UN aims to disrupt ISIL’s black market revenue streams

Security Council set to adopt United States and Russia-sponsored resolution to halt group’s sale of oil and antiquities.

Finance ministers from the 15 nations on the UN Security Council will meet to adopt a resolution aimed at disrupting the outside revenue that the Islamic State of Iraq and the Levant (ISIL) group gets from selling oil and antiquities.

ISIL, which gets money from ransom payments and other criminal activities, is already subject to UN sanctions under resolutions dealing with al-Qaeda.

The Security Council’s meeting on Thursday comes after the United States, Turkey and Iraq announced they were actively targeting the armed group’s revenue sources.

The proposed resolution, sponsored by the US and Russia, elevates ISIL to the same level as al-Qaeda, reflecting the growing threat it poses especially in the Middle East and North Africa.


READ MORE: Cracking down on ISIL’s oil revenue


US Treasury Secretary Jacob Lew, who will chair Thursday’s meeting, which is the first ever such UN Security Council gathering of finance ministers, has said that cutting ISIL off from the international financial system is “critical to effectively combating this violent terrorist group”.

Speaking at Chatham House in London last week, senior US treasury official Adam Szubin said the US was already working with the Iraqi government to prevent ISIL from having access to its funds.

“ISIL has made more than $500m from black market oil sales. It has looted between $500m and $1bn from bank vaults captured in Iraq and Syria,” Szubin said.

Turkish and Iraqi authorities have also announced that they are attempting to stop the flow of oil produced in areas controlled by ISIL.

Al Jazeera’s Bernard Smith, reporting from Istanbul, said Turkey had stepped up surveillance of its 900km border with Syria, while Iraqi Lieutenant Colonel Bola Ahmed Majid, a security official in Daquq in Iraq’s Kirkuk governorate, said side roads had been cut off to stop oil smuggling.

“We cut all those roads off by digging a ditch around the whole area. ISIL is now forced to send their oil to Mosul,” he told Al Jazeera.

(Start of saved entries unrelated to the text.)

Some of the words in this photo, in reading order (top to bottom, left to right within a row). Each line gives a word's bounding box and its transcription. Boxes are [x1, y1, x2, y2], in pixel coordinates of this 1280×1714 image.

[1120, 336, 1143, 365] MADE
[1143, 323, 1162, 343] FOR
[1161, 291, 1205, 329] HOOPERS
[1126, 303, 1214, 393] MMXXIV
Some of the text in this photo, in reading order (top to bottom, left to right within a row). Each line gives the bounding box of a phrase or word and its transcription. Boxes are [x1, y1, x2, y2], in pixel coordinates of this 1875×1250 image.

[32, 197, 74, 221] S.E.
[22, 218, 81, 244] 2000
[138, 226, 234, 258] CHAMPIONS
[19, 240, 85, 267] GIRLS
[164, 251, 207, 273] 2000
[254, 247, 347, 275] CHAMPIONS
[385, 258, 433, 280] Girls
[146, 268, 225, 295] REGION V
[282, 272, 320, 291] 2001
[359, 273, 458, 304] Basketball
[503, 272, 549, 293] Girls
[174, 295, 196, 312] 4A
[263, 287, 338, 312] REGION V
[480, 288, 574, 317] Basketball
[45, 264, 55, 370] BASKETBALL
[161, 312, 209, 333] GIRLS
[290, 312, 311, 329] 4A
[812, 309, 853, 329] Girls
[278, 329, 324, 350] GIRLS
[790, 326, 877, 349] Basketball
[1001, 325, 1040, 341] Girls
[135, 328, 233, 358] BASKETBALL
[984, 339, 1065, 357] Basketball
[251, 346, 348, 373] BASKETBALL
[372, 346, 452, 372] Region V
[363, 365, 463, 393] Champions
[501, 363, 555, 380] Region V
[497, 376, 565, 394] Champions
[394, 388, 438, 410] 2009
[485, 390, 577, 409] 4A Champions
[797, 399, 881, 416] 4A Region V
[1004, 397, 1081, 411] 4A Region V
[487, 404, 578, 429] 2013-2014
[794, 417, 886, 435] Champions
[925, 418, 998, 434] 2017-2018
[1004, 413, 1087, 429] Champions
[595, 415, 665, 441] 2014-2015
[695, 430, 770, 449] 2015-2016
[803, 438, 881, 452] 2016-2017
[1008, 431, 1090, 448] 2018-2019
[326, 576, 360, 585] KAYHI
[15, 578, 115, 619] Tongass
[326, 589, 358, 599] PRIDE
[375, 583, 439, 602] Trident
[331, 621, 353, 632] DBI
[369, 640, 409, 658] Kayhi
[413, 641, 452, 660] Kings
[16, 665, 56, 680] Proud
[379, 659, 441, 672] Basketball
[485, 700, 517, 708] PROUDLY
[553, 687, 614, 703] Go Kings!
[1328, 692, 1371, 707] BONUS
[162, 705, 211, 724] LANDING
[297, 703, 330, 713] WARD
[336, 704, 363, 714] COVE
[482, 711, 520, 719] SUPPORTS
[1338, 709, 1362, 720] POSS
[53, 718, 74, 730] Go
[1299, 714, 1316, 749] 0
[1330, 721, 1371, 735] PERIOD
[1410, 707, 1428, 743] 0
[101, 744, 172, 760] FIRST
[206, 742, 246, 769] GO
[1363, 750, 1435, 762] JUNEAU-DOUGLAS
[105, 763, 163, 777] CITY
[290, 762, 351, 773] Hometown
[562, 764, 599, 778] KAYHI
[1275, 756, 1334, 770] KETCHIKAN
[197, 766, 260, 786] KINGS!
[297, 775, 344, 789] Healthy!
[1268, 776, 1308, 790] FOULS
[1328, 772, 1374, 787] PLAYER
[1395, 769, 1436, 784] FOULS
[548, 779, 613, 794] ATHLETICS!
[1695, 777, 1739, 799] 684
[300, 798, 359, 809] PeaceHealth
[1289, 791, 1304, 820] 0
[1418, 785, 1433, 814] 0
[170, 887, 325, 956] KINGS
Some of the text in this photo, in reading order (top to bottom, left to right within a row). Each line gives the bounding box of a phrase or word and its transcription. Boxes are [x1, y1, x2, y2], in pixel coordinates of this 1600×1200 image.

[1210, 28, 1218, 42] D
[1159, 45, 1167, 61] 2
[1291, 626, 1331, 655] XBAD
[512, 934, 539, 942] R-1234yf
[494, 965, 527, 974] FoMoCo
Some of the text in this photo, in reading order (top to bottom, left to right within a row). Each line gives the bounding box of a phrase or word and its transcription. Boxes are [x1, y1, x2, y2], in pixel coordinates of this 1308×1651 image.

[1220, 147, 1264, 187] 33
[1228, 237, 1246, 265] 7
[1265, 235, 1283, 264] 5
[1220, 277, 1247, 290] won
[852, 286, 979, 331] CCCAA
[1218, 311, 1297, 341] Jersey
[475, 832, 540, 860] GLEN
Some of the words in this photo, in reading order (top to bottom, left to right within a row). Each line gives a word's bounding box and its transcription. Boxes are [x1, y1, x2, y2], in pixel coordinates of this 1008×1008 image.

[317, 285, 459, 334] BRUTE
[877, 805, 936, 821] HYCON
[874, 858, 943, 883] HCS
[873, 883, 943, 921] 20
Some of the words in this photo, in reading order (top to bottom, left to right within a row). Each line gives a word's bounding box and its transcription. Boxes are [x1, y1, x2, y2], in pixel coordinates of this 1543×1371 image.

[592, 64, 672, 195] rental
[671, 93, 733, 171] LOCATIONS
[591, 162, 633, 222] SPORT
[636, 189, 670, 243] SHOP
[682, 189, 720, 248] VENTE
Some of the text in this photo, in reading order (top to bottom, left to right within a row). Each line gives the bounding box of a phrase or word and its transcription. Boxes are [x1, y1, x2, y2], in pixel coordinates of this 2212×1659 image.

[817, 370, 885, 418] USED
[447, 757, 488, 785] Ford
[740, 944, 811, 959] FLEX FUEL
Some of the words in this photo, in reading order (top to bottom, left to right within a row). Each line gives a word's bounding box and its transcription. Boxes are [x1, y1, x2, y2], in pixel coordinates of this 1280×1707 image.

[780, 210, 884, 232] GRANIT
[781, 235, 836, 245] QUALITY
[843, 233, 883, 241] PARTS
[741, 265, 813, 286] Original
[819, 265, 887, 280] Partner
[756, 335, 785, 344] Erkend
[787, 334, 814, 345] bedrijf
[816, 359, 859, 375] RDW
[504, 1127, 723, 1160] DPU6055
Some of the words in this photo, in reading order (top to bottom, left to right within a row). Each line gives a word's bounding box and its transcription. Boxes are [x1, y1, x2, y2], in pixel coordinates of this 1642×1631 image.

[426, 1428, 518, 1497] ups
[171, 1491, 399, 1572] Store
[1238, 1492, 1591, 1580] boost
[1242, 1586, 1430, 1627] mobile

READ MORE: ISIL raises up to $1.5bn from bank looting, oil sales


The draft Security Council resolution, obtained by the Associated Press news agency, would rename the committee monitoring sanctions against al-Qaeda as “the ISIL and al-Qaeda sanctions committee”.

It calls ISIL a splinter group of al-Qaeda and stresses that “any individual, group, undertaking, or entity supporting ISIL or al-Qaeda” is subject to UN sanctions, including an asset freeze, travel ban and arms embargo.

The draft encourages the 193 UN member states “to more actively submit” names for inclusion on the sanctions list and expresses “increasing concern” at the failure of countries to implement previous sanctions resolutions.